CATArena: A Novel Benchmark for Evaluating Learning Abilities of LLM Agents in Competitive Tournaments

Shanghai Jiao Tong University, AGI-Eval, and Meituan researchers have introduced CATArena, a novel evaluation platform designed to assess the learning abilities of Large Language Model (LLM) agents. Unlike existing benchmarks that primarily focus on end-to-end performance in fixed scenarios, CATArena emphasizes learning ability, including self-improvement and peer-learning, as a core driver for agent evolution. CATArena employs an iterative, competitive peer-learning framework, where agents refine their strategies through repeated interactions and feedback. The platform features four diverse board and card games with open-ended scoring, enabling continuous and dynamic evaluation of rapidly advancing agent capabilities. This tournament-style environment addresses the score saturation issue in current benchmarks by providing tasks without explicit upper score limits. Experiments involving minimal and commercial code agents demonstrate that CATArena provides reliable, stable, and scalable benchmarking for core agent abilities, particularly learning ability and strategy coding. The evaluation metrics include strategy coding ability, global learning improvement, counter-adaptation, self-improvement, and generalizability to novel game rules.
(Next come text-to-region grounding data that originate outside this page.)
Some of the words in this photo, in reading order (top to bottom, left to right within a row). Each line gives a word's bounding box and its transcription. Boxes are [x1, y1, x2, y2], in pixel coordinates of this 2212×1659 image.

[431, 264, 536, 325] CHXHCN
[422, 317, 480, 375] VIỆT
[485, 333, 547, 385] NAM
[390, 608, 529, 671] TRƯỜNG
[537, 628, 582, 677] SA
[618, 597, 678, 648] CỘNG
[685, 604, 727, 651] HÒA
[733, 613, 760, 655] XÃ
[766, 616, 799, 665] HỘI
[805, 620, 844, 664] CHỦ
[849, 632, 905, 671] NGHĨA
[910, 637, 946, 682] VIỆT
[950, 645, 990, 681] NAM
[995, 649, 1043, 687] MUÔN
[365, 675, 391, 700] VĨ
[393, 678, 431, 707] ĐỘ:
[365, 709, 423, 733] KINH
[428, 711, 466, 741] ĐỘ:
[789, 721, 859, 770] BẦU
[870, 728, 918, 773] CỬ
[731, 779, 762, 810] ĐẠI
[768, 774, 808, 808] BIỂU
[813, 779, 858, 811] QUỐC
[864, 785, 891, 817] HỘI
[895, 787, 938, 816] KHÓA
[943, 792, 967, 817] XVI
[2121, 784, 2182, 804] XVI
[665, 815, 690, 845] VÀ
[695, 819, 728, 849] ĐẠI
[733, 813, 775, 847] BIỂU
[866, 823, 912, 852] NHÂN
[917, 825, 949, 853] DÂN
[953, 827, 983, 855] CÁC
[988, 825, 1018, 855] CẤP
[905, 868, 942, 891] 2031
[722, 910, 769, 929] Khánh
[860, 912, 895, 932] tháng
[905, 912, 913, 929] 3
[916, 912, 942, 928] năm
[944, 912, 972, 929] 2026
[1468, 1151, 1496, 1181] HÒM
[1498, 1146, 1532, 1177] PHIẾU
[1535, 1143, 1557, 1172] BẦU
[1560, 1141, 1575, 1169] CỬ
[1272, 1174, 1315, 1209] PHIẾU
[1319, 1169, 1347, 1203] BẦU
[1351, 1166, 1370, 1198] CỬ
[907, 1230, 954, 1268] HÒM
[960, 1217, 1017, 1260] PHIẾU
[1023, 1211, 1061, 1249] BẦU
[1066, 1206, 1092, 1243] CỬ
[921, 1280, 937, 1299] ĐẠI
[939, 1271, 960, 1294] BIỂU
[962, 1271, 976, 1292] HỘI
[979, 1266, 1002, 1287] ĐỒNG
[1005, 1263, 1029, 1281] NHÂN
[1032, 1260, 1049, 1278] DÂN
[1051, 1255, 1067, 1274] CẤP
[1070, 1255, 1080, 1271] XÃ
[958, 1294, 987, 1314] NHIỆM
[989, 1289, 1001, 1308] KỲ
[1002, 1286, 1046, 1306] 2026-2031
The researchers highlight that CATArena's tasks are fundamentally different from traditional LLM reasoning tasks, representing a novel evaluation dimension. The iterative peer-learning framework allows agents to continuously revise their strategies based on feedback from previous rounds, aligning agent evolution with human evolution. CATArena supports extensible evaluation across diverse, open-ended tasks and facilitates ongoing evaluation without expert-level human annotation. Limitations of the current evaluation include the limited number of games, which primarily assess learning ability and strategy coding but do not encompass the full spectrum of potential LLM agent capabilities. Future work plans to incorporate a wider variety of more complex tasks to evaluate agents' learning and other abilities from different perspectives.